[Start of section]

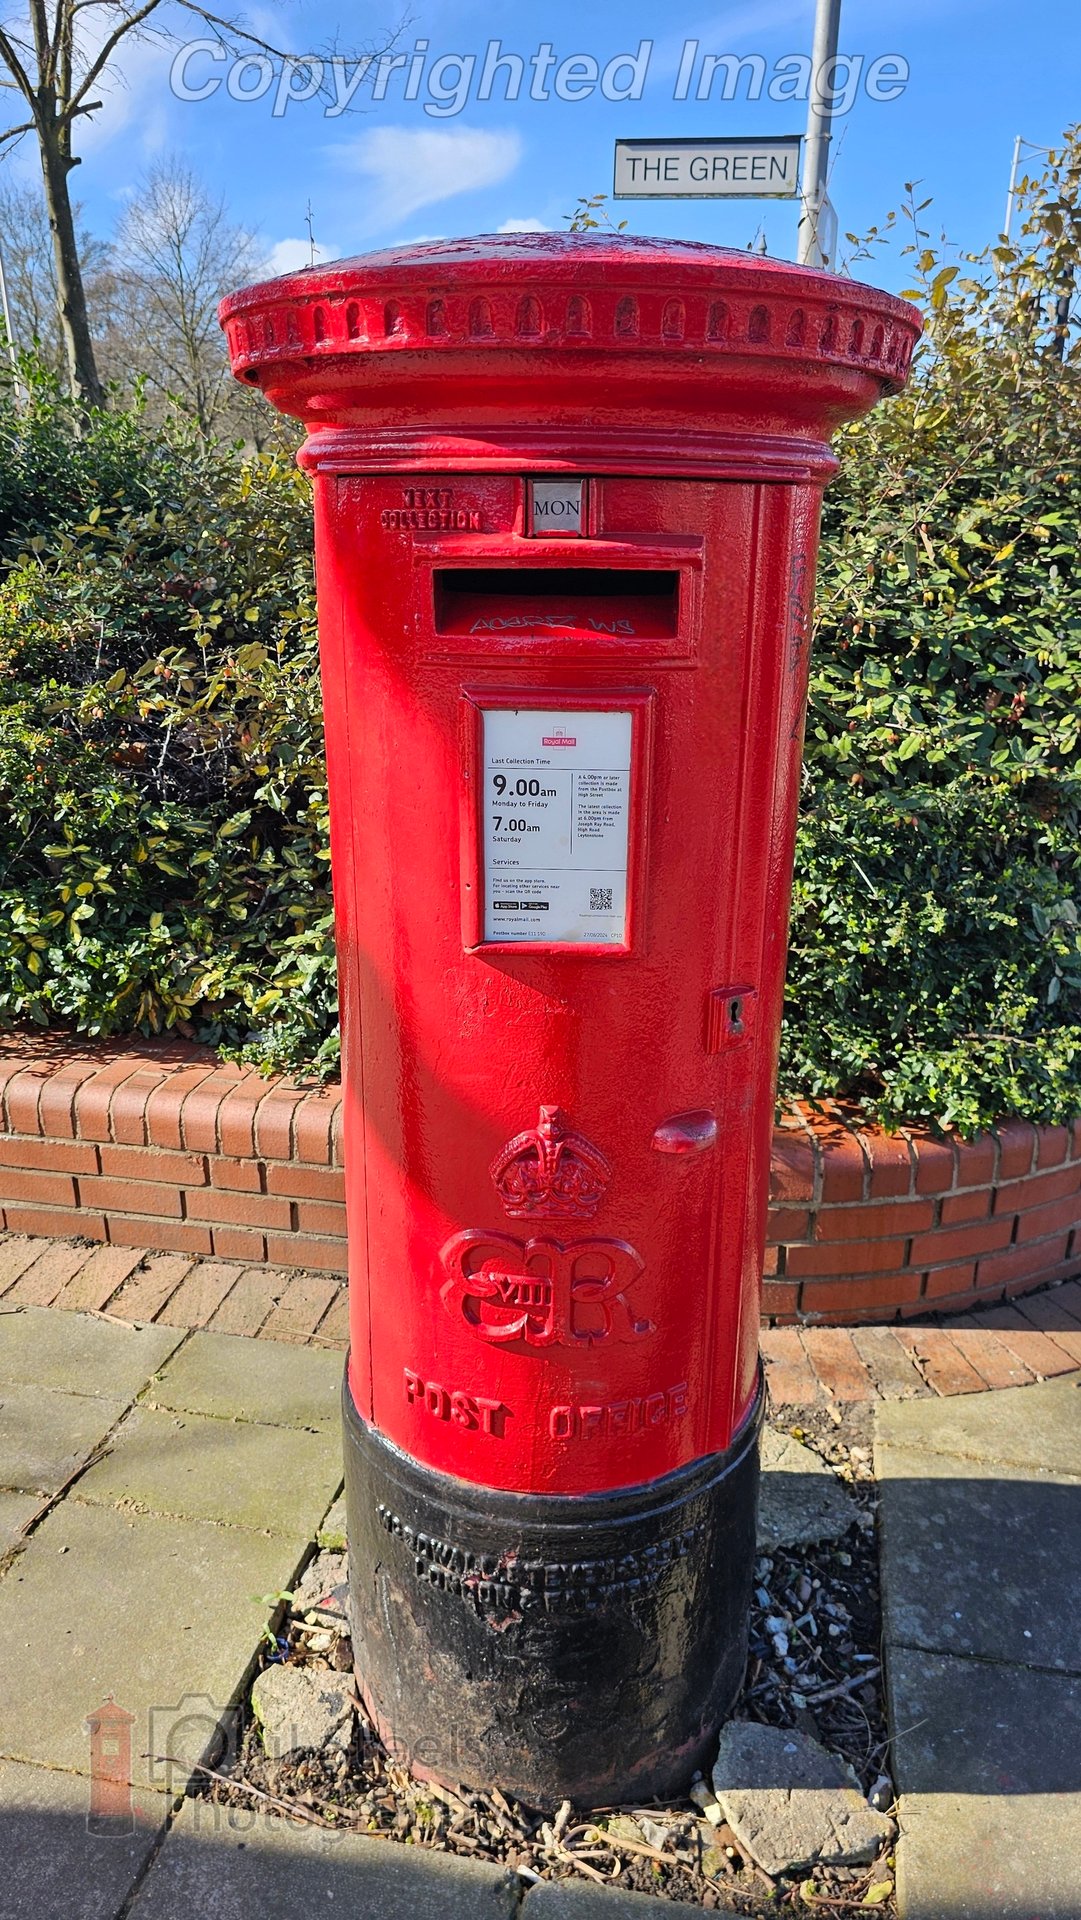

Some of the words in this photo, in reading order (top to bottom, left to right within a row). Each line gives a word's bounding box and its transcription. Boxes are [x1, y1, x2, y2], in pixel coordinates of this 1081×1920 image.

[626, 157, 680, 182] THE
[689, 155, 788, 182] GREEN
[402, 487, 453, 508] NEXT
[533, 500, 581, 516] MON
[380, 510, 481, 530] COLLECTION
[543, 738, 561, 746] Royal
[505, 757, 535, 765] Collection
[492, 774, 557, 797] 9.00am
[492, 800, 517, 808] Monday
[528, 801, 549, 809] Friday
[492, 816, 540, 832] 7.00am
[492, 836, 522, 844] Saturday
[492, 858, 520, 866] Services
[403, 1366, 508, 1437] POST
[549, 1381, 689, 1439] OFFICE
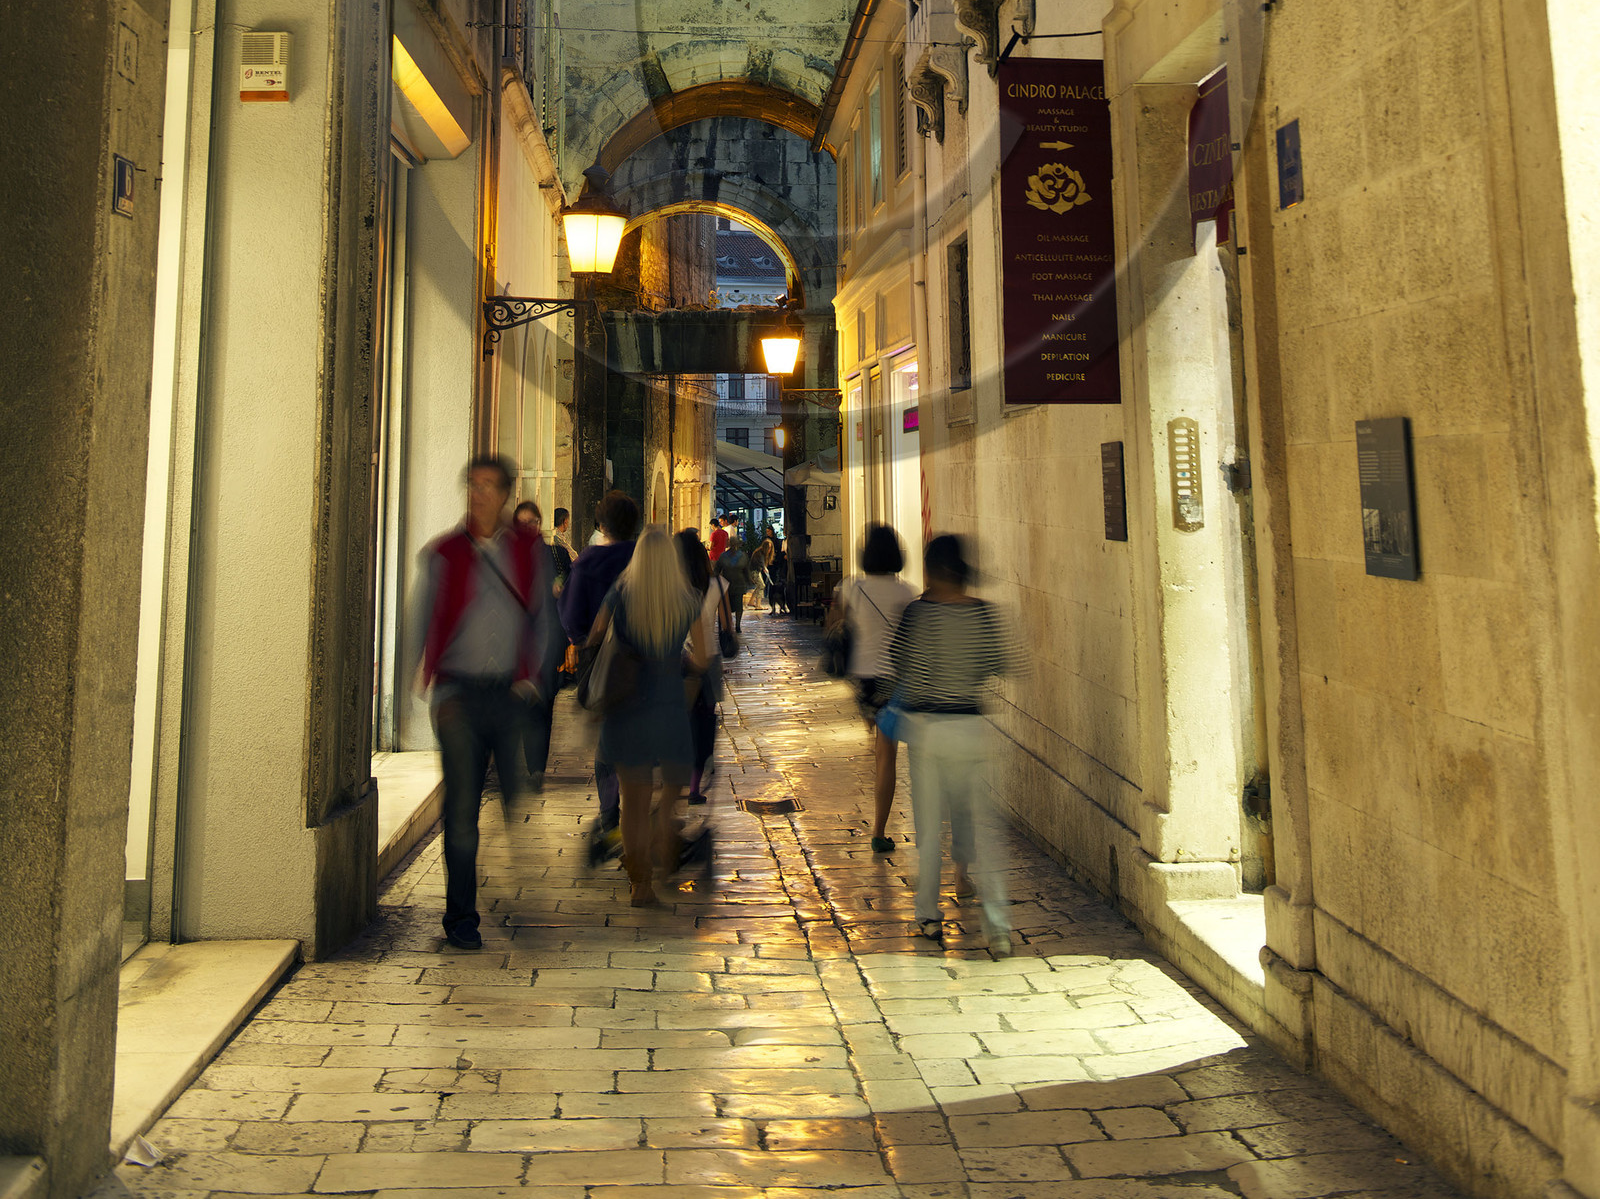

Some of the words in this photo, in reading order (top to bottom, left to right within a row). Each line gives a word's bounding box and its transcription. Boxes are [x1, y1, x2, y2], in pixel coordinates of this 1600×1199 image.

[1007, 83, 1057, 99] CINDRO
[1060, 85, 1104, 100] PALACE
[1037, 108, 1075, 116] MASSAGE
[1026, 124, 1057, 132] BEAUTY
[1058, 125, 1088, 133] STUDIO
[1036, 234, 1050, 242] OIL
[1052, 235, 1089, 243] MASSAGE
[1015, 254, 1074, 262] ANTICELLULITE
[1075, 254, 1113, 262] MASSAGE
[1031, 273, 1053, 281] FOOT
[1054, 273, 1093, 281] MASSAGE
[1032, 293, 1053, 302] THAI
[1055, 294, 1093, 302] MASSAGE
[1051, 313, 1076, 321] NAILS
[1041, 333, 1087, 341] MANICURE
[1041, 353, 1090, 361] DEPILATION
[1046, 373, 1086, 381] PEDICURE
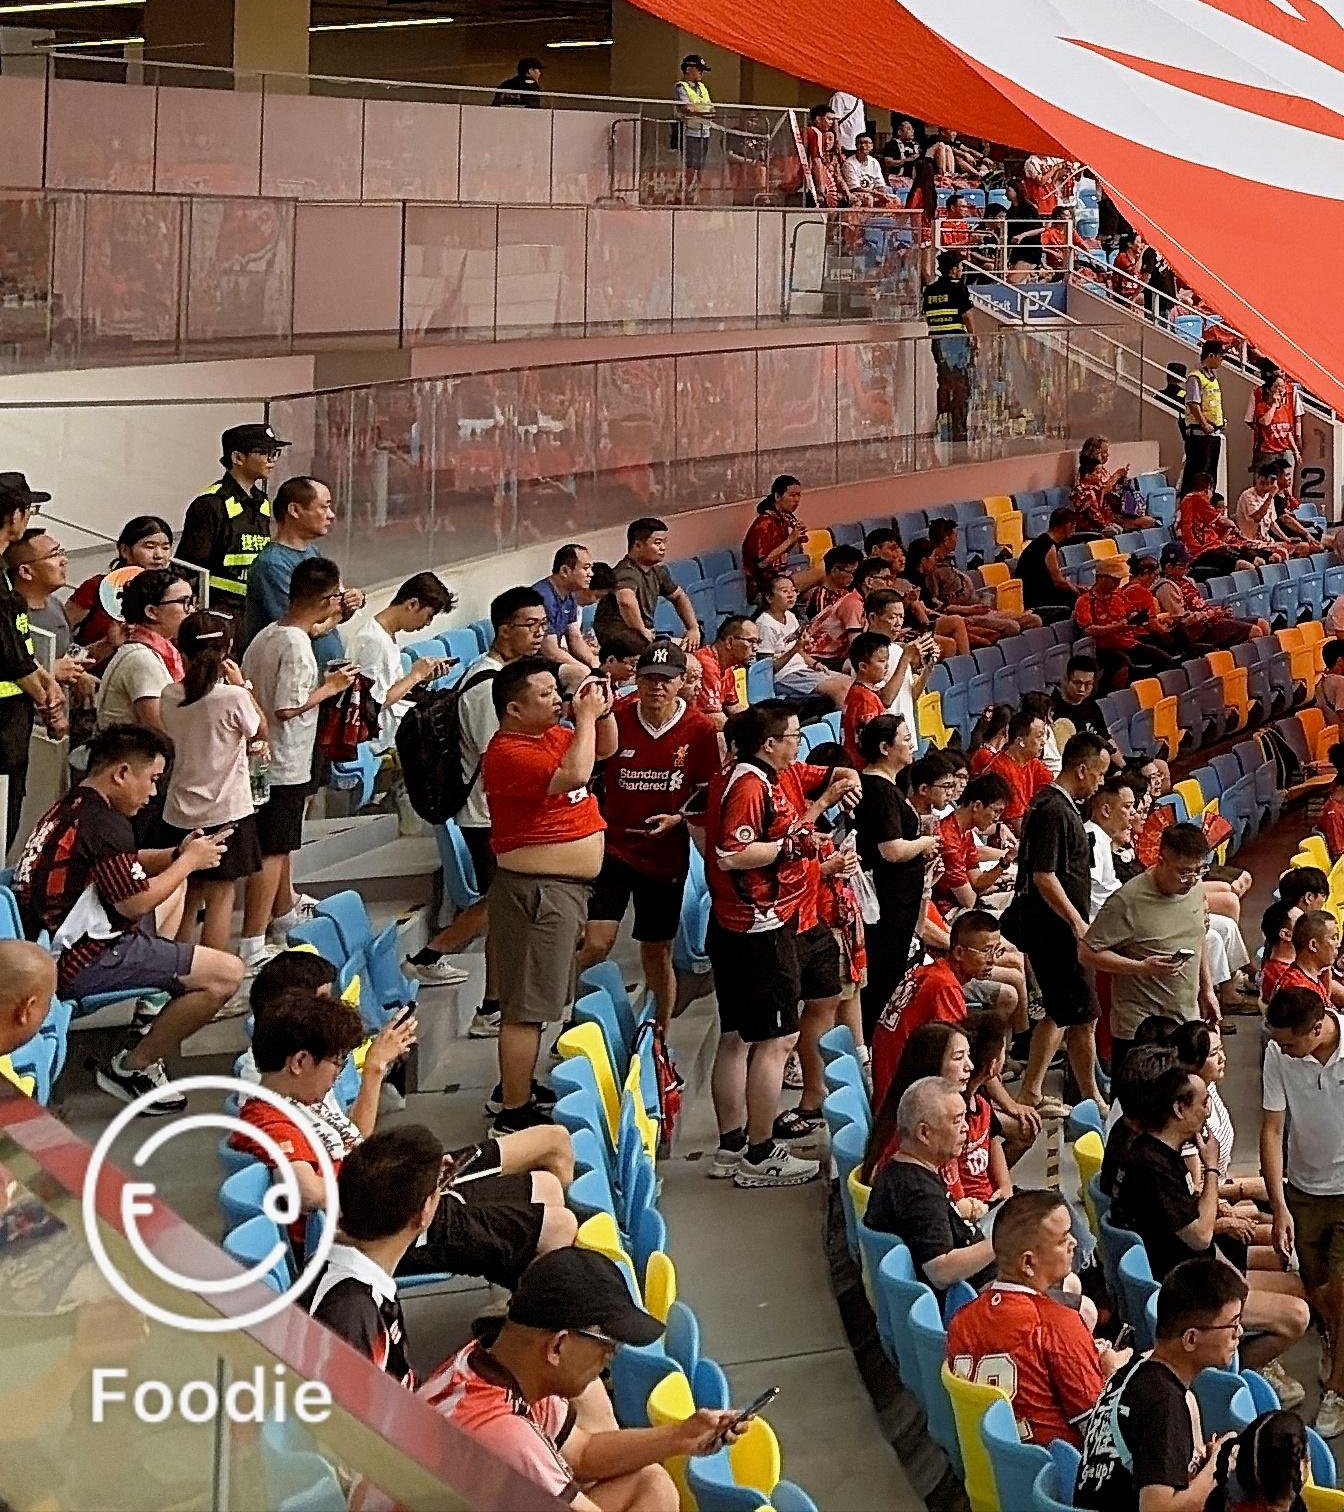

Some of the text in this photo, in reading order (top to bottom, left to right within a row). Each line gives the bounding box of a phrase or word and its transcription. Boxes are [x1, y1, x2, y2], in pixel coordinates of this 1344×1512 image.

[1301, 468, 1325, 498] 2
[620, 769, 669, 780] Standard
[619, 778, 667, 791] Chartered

[End of section]

WORK REQUIRED: Your task is a word-for-word transcription of the entries, leaving out all pictures.

RESPONSE FOR THIS EXERCISE:
Some of the words in this photo, in reading order (top to bottom, left to right within a row). Each line gives a word's bounding box and its transcription. Boxes are [x1, y1, x2, y2], in pixel coordinates of this 1081×1920 image.

[626, 157, 680, 182] THE
[689, 155, 788, 182] GREEN
[402, 487, 453, 508] NEXT
[533, 500, 581, 516] MON
[380, 510, 481, 530] COLLECTION
[543, 738, 561, 746] Royal
[505, 757, 535, 765] Collection
[492, 774, 557, 797] 9.00am
[492, 800, 517, 808] Monday
[528, 801, 549, 809] Friday
[492, 816, 540, 832] 7.00am
[492, 836, 522, 844] Saturday
[492, 858, 520, 866] Services
[403, 1366, 508, 1437] POST
[549, 1381, 689, 1439] OFFICE

Some of the words in this photo, in reading order (top to bottom, left to right within a row). Each line gives a word's bounding box and its transcription. Boxes are [x1, y1, x2, y2], in pixel coordinates of this 1600×1199 image.

[1007, 83, 1057, 99] CINDRO
[1060, 85, 1104, 100] PALACE
[1037, 108, 1075, 116] MASSAGE
[1026, 124, 1057, 132] BEAUTY
[1058, 125, 1088, 133] STUDIO
[1036, 234, 1050, 242] OIL
[1052, 235, 1089, 243] MASSAGE
[1015, 254, 1074, 262] ANTICELLULITE
[1075, 254, 1113, 262] MASSAGE
[1031, 273, 1053, 281] FOOT
[1054, 273, 1093, 281] MASSAGE
[1032, 293, 1053, 302] THAI
[1055, 294, 1093, 302] MASSAGE
[1051, 313, 1076, 321] NAILS
[1041, 333, 1087, 341] MANICURE
[1041, 353, 1090, 361] DEPILATION
[1046, 373, 1086, 381] PEDICURE

Some of the text in this photo, in reading order (top to bottom, left to right within a row). Each line gives the bounding box of a phrase or word and its transcription. Boxes are [x1, y1, x2, y2], in pixel coordinates of this 1344×1512 image.

[1301, 468, 1325, 498] 2
[620, 769, 669, 780] Standard
[619, 778, 667, 791] Chartered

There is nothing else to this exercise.